(Items listed in a dataset)

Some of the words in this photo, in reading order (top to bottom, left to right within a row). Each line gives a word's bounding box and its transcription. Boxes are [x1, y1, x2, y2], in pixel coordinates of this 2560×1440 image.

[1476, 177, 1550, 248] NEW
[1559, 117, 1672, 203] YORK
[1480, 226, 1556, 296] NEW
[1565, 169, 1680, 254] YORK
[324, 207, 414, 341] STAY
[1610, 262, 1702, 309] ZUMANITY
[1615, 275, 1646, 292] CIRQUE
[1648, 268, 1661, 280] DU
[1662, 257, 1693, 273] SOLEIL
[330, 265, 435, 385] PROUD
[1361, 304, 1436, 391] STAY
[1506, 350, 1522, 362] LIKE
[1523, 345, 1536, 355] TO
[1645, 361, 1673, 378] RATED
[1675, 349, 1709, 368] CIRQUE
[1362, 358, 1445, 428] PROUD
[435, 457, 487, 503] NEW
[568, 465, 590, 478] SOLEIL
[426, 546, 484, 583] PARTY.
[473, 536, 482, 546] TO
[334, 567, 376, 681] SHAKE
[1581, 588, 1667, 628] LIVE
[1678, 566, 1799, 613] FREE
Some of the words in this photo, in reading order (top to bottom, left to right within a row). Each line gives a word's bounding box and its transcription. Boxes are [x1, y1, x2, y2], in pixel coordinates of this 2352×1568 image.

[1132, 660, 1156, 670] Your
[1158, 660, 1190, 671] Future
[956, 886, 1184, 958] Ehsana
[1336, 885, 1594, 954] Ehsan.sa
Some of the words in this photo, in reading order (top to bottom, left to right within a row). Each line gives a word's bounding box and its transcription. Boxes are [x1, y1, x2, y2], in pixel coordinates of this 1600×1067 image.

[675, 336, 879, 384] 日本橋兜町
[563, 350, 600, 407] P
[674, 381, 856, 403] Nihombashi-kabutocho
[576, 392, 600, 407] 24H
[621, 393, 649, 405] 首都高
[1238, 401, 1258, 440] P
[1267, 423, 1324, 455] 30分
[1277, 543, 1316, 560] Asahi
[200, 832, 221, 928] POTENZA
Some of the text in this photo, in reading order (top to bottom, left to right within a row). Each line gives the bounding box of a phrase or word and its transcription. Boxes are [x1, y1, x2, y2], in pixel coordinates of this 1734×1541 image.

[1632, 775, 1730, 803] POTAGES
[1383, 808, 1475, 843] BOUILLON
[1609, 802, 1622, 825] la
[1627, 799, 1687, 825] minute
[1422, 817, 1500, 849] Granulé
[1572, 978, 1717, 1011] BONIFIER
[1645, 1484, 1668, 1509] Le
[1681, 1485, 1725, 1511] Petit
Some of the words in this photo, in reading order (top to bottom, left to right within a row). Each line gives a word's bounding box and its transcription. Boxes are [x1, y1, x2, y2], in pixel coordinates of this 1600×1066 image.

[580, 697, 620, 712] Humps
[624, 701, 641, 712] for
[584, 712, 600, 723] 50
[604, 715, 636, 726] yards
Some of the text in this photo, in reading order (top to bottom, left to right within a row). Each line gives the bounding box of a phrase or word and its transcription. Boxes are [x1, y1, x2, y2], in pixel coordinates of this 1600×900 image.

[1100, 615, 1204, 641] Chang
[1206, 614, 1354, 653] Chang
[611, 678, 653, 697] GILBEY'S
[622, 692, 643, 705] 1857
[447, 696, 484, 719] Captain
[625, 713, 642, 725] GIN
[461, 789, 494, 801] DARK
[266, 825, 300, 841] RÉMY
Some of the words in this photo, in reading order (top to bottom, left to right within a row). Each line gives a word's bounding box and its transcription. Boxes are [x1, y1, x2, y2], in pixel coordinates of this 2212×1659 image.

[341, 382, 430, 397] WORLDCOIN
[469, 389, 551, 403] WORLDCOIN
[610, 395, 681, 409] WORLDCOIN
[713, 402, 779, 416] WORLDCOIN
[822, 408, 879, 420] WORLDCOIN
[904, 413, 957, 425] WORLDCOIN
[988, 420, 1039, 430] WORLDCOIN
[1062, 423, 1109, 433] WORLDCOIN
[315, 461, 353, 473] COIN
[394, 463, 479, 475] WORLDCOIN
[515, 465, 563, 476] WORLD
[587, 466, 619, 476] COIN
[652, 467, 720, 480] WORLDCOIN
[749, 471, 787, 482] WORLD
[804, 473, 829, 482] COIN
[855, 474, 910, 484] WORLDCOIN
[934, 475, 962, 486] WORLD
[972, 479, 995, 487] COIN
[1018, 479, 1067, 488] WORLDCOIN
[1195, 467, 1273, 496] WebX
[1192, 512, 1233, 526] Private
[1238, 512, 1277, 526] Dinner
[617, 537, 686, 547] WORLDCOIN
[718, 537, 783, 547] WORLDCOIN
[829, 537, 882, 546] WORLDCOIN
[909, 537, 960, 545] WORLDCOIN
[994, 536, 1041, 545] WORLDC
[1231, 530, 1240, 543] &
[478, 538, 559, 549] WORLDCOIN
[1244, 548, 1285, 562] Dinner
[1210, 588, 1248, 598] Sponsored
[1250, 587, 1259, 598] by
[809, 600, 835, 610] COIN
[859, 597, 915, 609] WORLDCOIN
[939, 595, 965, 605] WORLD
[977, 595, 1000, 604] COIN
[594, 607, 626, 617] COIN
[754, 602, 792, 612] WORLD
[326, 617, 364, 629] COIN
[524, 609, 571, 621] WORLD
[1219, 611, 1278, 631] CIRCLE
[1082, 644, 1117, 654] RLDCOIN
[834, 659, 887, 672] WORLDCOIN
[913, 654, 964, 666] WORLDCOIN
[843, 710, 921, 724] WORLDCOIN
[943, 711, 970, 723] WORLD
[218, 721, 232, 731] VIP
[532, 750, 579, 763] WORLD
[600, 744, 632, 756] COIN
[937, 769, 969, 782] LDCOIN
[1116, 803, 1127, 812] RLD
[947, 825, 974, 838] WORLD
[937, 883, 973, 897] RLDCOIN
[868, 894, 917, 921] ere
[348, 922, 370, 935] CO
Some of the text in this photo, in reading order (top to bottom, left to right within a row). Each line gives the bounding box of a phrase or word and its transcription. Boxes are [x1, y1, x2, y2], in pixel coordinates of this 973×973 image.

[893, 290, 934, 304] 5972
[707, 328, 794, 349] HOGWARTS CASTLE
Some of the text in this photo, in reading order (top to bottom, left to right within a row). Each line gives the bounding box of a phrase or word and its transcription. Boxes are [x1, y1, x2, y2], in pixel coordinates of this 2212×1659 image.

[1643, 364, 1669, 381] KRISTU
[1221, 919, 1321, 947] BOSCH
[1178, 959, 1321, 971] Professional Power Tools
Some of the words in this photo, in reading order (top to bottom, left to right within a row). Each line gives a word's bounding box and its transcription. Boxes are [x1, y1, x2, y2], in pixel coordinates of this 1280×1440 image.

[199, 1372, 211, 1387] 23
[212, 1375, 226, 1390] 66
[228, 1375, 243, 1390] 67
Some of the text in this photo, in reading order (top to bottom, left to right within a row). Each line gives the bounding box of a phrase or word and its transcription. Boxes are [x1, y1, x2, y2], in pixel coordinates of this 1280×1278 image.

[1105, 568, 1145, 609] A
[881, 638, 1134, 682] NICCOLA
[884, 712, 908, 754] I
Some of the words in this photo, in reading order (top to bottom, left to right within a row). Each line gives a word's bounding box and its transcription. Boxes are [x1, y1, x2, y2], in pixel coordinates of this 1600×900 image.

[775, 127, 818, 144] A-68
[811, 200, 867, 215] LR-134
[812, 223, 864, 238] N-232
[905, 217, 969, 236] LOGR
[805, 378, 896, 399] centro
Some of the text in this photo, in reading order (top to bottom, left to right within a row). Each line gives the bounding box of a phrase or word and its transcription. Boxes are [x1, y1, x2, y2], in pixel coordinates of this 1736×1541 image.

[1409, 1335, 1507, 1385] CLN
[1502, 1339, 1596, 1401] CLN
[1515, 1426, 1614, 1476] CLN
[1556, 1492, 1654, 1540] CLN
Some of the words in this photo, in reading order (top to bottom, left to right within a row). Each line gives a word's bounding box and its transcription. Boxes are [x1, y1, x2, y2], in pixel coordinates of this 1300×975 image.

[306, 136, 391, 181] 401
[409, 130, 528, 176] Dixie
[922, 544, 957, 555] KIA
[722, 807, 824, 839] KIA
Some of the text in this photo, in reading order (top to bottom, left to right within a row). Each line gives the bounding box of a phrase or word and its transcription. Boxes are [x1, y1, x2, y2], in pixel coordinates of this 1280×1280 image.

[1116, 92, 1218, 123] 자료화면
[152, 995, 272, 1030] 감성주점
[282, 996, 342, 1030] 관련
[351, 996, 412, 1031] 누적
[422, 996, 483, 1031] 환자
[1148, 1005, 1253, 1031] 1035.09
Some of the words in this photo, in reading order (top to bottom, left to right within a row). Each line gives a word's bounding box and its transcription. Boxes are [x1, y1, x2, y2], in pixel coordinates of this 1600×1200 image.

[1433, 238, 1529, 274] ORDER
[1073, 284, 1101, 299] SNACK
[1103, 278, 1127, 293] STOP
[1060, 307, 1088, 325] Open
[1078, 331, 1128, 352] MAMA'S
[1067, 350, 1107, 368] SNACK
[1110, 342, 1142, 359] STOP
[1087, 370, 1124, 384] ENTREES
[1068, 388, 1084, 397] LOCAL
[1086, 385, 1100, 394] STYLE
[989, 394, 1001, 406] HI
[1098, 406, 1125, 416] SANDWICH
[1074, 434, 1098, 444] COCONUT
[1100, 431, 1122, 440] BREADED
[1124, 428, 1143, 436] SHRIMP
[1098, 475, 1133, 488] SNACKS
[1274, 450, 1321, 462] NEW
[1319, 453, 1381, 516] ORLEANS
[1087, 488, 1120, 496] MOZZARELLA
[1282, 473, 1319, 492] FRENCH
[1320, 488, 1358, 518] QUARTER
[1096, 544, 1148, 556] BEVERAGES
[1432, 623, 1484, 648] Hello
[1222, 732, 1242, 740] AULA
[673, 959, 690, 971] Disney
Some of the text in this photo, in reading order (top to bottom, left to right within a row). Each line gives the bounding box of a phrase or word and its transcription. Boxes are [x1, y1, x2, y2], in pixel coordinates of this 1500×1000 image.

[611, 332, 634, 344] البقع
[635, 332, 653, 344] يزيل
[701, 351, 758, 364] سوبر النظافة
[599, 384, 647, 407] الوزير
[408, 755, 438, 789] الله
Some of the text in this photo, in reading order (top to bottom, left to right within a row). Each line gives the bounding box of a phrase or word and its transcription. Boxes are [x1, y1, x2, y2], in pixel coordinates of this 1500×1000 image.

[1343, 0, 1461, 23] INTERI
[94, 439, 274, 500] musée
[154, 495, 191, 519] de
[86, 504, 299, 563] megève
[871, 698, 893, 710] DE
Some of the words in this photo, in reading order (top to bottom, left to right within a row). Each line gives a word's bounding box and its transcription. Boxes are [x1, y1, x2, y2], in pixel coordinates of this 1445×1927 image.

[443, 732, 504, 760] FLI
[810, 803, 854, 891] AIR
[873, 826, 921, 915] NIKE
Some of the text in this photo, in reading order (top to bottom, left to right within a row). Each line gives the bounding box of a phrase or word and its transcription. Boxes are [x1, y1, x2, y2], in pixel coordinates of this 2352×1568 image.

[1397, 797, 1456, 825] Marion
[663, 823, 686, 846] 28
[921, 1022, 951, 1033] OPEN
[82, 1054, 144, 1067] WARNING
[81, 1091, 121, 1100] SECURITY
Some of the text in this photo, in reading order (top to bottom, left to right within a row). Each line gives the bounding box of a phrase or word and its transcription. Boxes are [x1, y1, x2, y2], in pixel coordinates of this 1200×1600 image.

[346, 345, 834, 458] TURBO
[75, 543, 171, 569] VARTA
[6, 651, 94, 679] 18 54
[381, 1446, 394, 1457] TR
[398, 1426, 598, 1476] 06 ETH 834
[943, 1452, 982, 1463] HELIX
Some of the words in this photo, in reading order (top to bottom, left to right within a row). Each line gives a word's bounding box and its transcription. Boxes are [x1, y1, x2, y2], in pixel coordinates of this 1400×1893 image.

▶ TASK ITEM
Produce an exact transcription of the lines from the one containing "this 1445×1927 image." through the end of the records, both included, and no other lines.

▶ RESPONSE
Some of the words in this photo, in reading order (top to bottom, left to right within a row). Each line gives a word's bounding box and its transcription. Boxes are [x1, y1, x2, y2], in pixel coordinates of this 1445×1927 image.

[443, 732, 504, 760] FLI
[810, 803, 854, 891] AIR
[873, 826, 921, 915] NIKE
Some of the text in this photo, in reading order (top to bottom, left to right within a row). Each line gives the bounding box of a phrase or word and its transcription. Boxes are [x1, y1, x2, y2], in pixel coordinates of this 2352×1568 image.

[1397, 797, 1456, 825] Marion
[663, 823, 686, 846] 28
[921, 1022, 951, 1033] OPEN
[82, 1054, 144, 1067] WARNING
[81, 1091, 121, 1100] SECURITY
Some of the text in this photo, in reading order (top to bottom, left to right within a row). Each line gives the bounding box of a phrase or word and its transcription. Boxes are [x1, y1, x2, y2], in pixel coordinates of this 1200×1600 image.

[346, 345, 834, 458] TURBO
[75, 543, 171, 569] VARTA
[6, 651, 94, 679] 18 54
[381, 1446, 394, 1457] TR
[398, 1426, 598, 1476] 06 ETH 834
[943, 1452, 982, 1463] HELIX
Some of the words in this photo, in reading order (top to bottom, left to right within a row). Each line gives a word's bounding box and its transcription. Boxes are [x1, y1, x2, y2], in pixel coordinates of this 1400×1893 image.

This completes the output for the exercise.